Transcribe all records exactly.

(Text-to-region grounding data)
Start of Block
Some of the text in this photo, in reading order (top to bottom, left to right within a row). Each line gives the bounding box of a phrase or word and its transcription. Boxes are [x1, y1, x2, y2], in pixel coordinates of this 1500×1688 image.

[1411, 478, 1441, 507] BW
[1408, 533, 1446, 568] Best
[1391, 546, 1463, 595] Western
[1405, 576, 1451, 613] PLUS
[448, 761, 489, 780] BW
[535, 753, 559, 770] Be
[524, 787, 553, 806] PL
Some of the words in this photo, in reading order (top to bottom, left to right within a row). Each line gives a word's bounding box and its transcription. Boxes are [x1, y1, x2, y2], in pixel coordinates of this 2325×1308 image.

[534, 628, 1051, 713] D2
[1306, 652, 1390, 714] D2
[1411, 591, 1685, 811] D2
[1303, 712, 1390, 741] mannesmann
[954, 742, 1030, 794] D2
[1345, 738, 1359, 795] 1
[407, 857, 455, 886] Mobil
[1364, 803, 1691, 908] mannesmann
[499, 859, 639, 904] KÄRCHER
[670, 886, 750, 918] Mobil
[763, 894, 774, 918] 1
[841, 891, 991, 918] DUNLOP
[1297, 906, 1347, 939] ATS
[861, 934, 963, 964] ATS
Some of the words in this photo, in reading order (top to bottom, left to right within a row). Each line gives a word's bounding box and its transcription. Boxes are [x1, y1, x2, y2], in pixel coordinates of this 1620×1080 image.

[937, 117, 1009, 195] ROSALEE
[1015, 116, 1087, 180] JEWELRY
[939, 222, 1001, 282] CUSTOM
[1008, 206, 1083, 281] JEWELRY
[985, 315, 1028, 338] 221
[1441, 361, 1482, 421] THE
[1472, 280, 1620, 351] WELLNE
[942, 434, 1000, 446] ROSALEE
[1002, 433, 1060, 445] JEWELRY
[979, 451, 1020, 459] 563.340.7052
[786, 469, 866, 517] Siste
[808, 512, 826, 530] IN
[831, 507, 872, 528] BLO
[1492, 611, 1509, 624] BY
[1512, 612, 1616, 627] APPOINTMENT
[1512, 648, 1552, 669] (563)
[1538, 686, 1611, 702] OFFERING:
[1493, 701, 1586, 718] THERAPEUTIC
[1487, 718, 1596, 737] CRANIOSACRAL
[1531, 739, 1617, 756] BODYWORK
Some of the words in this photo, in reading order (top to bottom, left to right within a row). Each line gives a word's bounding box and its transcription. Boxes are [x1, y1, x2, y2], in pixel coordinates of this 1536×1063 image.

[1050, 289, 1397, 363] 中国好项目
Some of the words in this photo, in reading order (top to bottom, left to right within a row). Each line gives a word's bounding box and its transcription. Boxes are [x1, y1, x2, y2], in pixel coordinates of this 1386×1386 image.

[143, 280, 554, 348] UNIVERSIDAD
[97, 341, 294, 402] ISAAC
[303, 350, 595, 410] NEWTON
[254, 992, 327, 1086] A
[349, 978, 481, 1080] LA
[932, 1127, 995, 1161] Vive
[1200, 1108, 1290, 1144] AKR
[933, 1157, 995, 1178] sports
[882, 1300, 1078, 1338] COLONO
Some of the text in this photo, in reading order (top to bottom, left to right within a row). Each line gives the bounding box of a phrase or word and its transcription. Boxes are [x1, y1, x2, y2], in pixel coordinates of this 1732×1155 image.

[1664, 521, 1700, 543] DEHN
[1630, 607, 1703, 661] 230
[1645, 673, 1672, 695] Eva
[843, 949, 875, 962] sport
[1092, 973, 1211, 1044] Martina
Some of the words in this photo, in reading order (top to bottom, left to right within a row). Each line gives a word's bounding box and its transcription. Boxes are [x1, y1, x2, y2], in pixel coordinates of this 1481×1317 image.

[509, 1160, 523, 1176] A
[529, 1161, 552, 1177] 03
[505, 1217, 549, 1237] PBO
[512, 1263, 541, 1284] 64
End of Block
COMPLETED EXERCISE:
Some of the text in this photo, in reading order (top to bottom, left to right within a row). Each line gives the bounding box of a phrase or word and its transcription. Boxes are [x1, y1, x2, y2], in pixel coordinates of this 1500×1688 image.

[1411, 478, 1441, 507] BW
[1408, 533, 1446, 568] Best
[1391, 546, 1463, 595] Western
[1405, 576, 1451, 613] PLUS
[448, 761, 489, 780] BW
[535, 753, 559, 770] Be
[524, 787, 553, 806] PL
Some of the words in this photo, in reading order (top to bottom, left to right within a row). Each line gives a word's bounding box and its transcription. Boxes are [x1, y1, x2, y2], in pixel coordinates of this 2325×1308 image.

[534, 628, 1051, 713] D2
[1306, 652, 1390, 714] D2
[1411, 591, 1685, 811] D2
[1303, 712, 1390, 741] mannesmann
[954, 742, 1030, 794] D2
[1345, 738, 1359, 795] 1
[407, 857, 455, 886] Mobil
[1364, 803, 1691, 908] mannesmann
[499, 859, 639, 904] KÄRCHER
[670, 886, 750, 918] Mobil
[763, 894, 774, 918] 1
[841, 891, 991, 918] DUNLOP
[1297, 906, 1347, 939] ATS
[861, 934, 963, 964] ATS
Some of the words in this photo, in reading order (top to bottom, left to right within a row). Each line gives a word's bounding box and its transcription. Boxes are [x1, y1, x2, y2], in pixel coordinates of this 1620×1080 image.

[937, 117, 1009, 195] ROSALEE
[1015, 116, 1087, 180] JEWELRY
[939, 222, 1001, 282] CUSTOM
[1008, 206, 1083, 281] JEWELRY
[985, 315, 1028, 338] 221
[1441, 361, 1482, 421] THE
[1472, 280, 1620, 351] WELLNE
[942, 434, 1000, 446] ROSALEE
[1002, 433, 1060, 445] JEWELRY
[979, 451, 1020, 459] 563.340.7052
[786, 469, 866, 517] Siste
[808, 512, 826, 530] IN
[831, 507, 872, 528] BLO
[1492, 611, 1509, 624] BY
[1512, 612, 1616, 627] APPOINTMENT
[1512, 648, 1552, 669] (563)
[1538, 686, 1611, 702] OFFERING:
[1493, 701, 1586, 718] THERAPEUTIC
[1487, 718, 1596, 737] CRANIOSACRAL
[1531, 739, 1617, 756] BODYWORK
Some of the words in this photo, in reading order (top to bottom, left to right within a row). Each line gives a word's bounding box and its transcription. Boxes are [x1, y1, x2, y2], in pixel coordinates of this 1536×1063 image.

[1050, 289, 1397, 363] 中国好项目
Some of the words in this photo, in reading order (top to bottom, left to right within a row). Each line gives a word's bounding box and its transcription. Boxes are [x1, y1, x2, y2], in pixel coordinates of this 1386×1386 image.

[143, 280, 554, 348] UNIVERSIDAD
[97, 341, 294, 402] ISAAC
[303, 350, 595, 410] NEWTON
[254, 992, 327, 1086] A
[349, 978, 481, 1080] LA
[932, 1127, 995, 1161] Vive
[1200, 1108, 1290, 1144] AKR
[933, 1157, 995, 1178] sports
[882, 1300, 1078, 1338] COLONO
Some of the text in this photo, in reading order (top to bottom, left to right within a row). Each line gives the bounding box of a phrase or word and its transcription. Boxes are [x1, y1, x2, y2], in pixel coordinates of this 1732×1155 image.

[1664, 521, 1700, 543] DEHN
[1630, 607, 1703, 661] 230
[1645, 673, 1672, 695] Eva
[843, 949, 875, 962] sport
[1092, 973, 1211, 1044] Martina
Some of the words in this photo, in reading order (top to bottom, left to right within a row). Each line gives a word's bounding box and its transcription. Boxes are [x1, y1, x2, y2], in pixel coordinates of this 1481×1317 image.

[509, 1160, 523, 1176] A
[529, 1161, 552, 1177] 03
[505, 1217, 549, 1237] PBO
[512, 1263, 541, 1284] 64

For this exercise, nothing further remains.